- #1

kahunah

- 10

- 0

## Homework Statement

A baseball with a mass of 0.125 kg is moving horizontally at 32.0 m/s [E], when it is stuck by a bat for 0.00200 seconds. The velocity of the ball just after the collision is 52.0 m/s [W 20 N].

## Homework Equations

p = m Δv

Fnet = ∆p/∆t

there are also these equations

Fnetx ∆t = m(v2x – v1x)

Fnety ∆t = m(v2y – v1y)

## The Attempt at a Solution

i've gone over this a few times but nothing looks right to me...

Given

m for mass of baseball = 0.125 kg

v1 for the velocity of the baseball before the collision = 32.0 m/s [E]

v2 for the velocity of the baseball after the collision = 52.0 m/s [W 20 N]

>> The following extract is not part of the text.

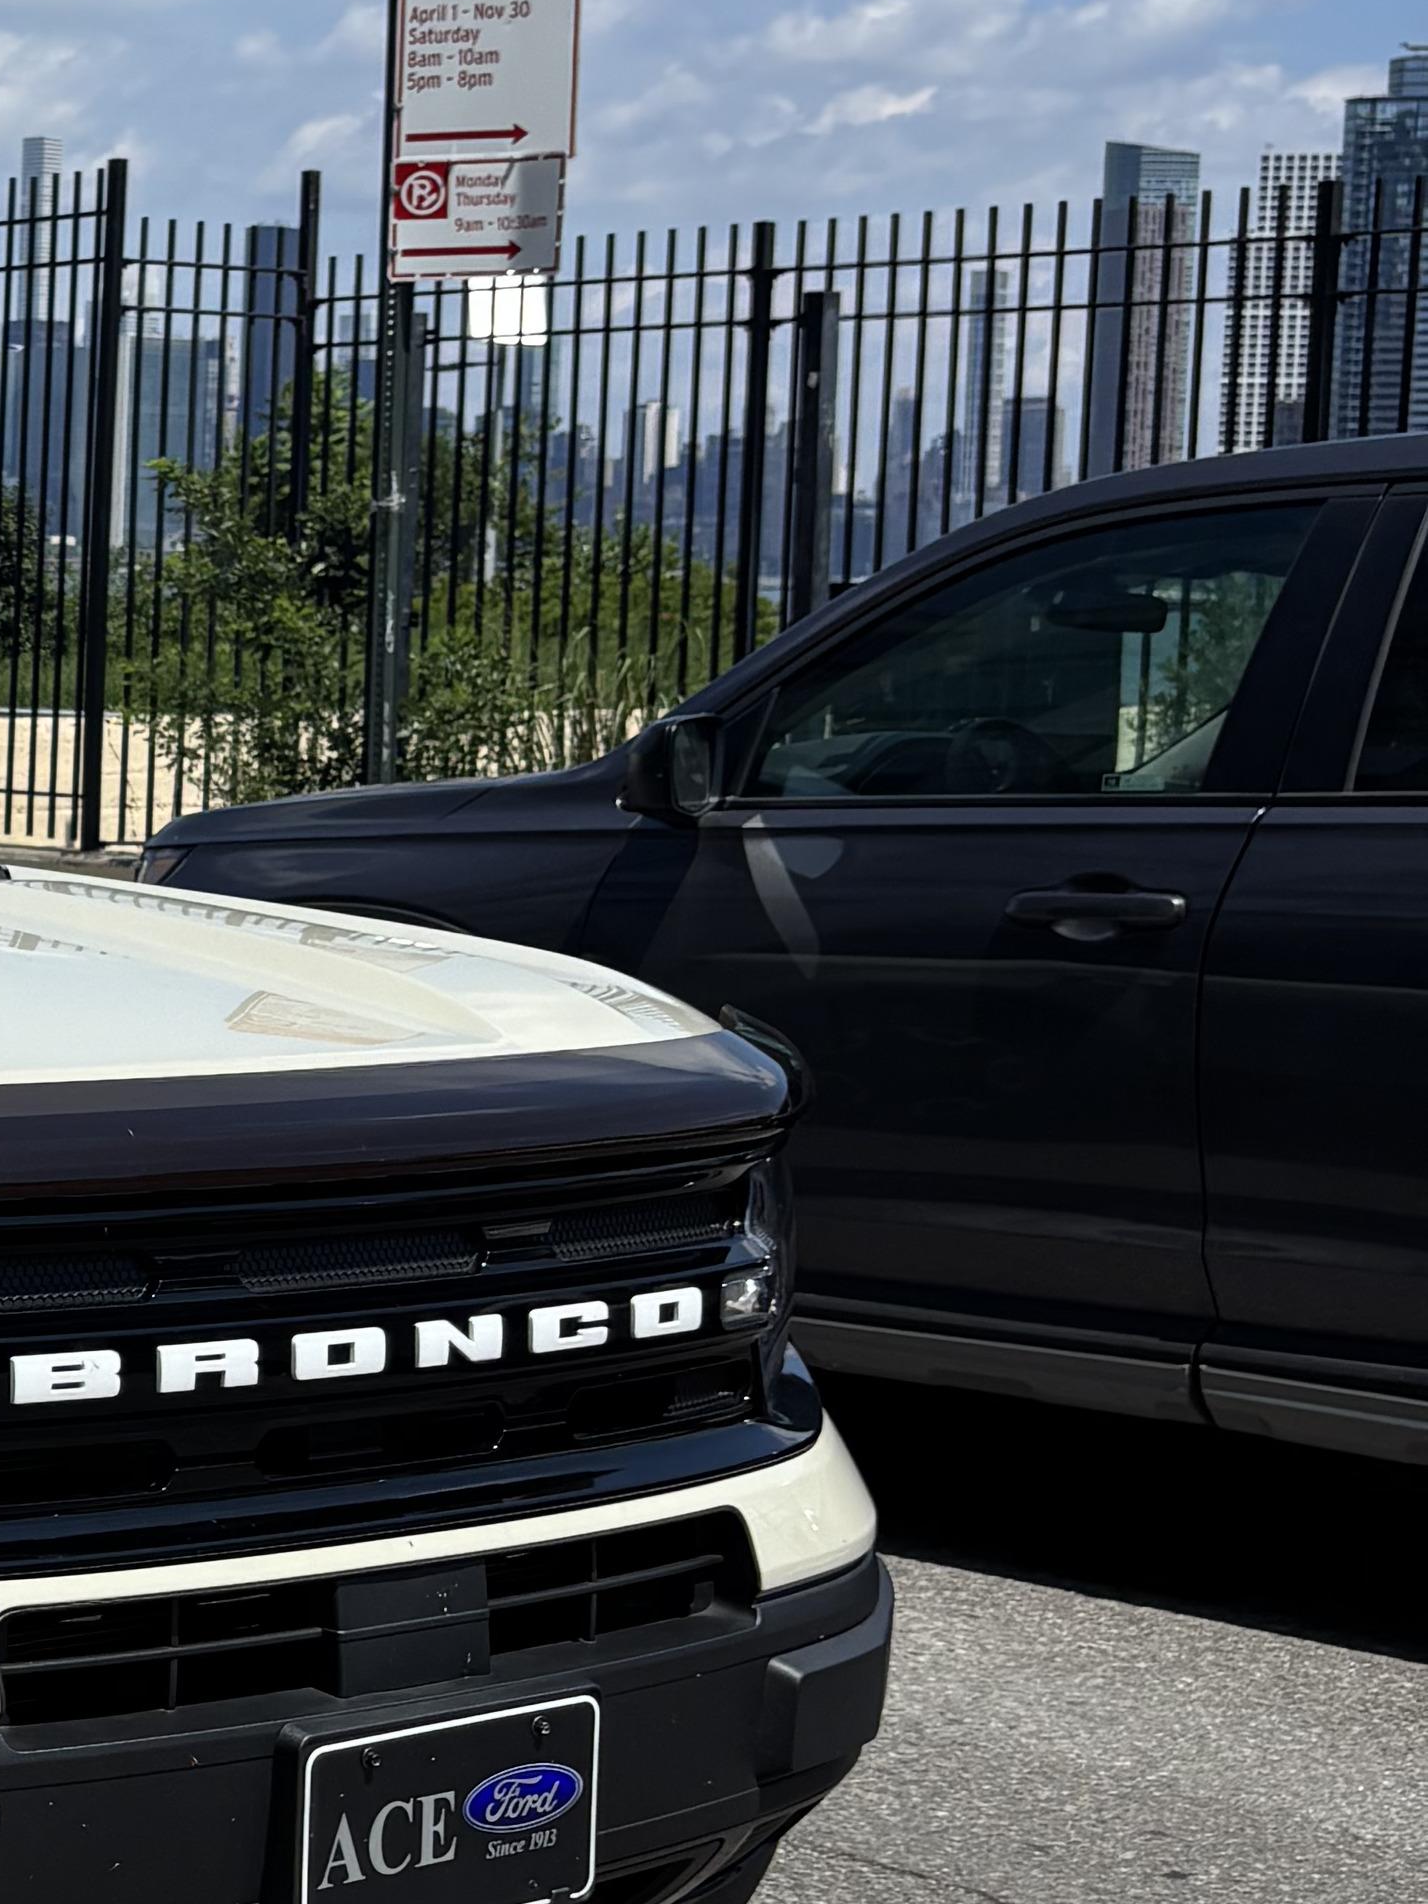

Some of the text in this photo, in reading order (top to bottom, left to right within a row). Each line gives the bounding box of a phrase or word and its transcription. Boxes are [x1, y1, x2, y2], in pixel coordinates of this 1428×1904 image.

Δt for duration of time the baseball struck the bat = 0.00200 s

a. Find the impulse experienced by the ball. (6 marks)

Let [E] be positive

To solve for the horizontal x-component of v2

v2x = 52.0 m/s * cos (20)

v2x = 48.86 m/s

To solve for the vertical y-component of v2

v2y = 52.0 m/s * sin (20)

v2y = 17.79 m/s Since v2x is in the [W] direction, let v2x be negative

To calculate the impulse, if

p = m Δv

Then,

Δv = √((v2x – v1x)2 – (v2y – v1y)2)

Δv = √((-48.86 m/s – 32.0 m/s)2 – (17.79 m/s – 0 m/s)2)

Δv = √((-80.86 m/s)2 – (17.79 m/s)2)

Δv = √((6538.34 m/s) – (316.48 m/s))

Δv = √(6221.87 m/s)

Δv = 78.88 m/s

So,

p = m Δv

p = (0.125 kg)(78.88 m/s)

p = 8.86 kgm/s

b. Find the average net force of the ball. (2 marks)

Fnet = ∆p/∆t

Fnet = (8.86 kgm/s)/(0.00200 s)

Fnet = 4430 N <--- that's WAY too much force

I also know there's an angle in there somewhere that i SHOULD be using force to calculate for the direction of the impluse

tan θ = Fnety/Fnetx?

i don't know honestly I'm so confused at this point...PLEASE help!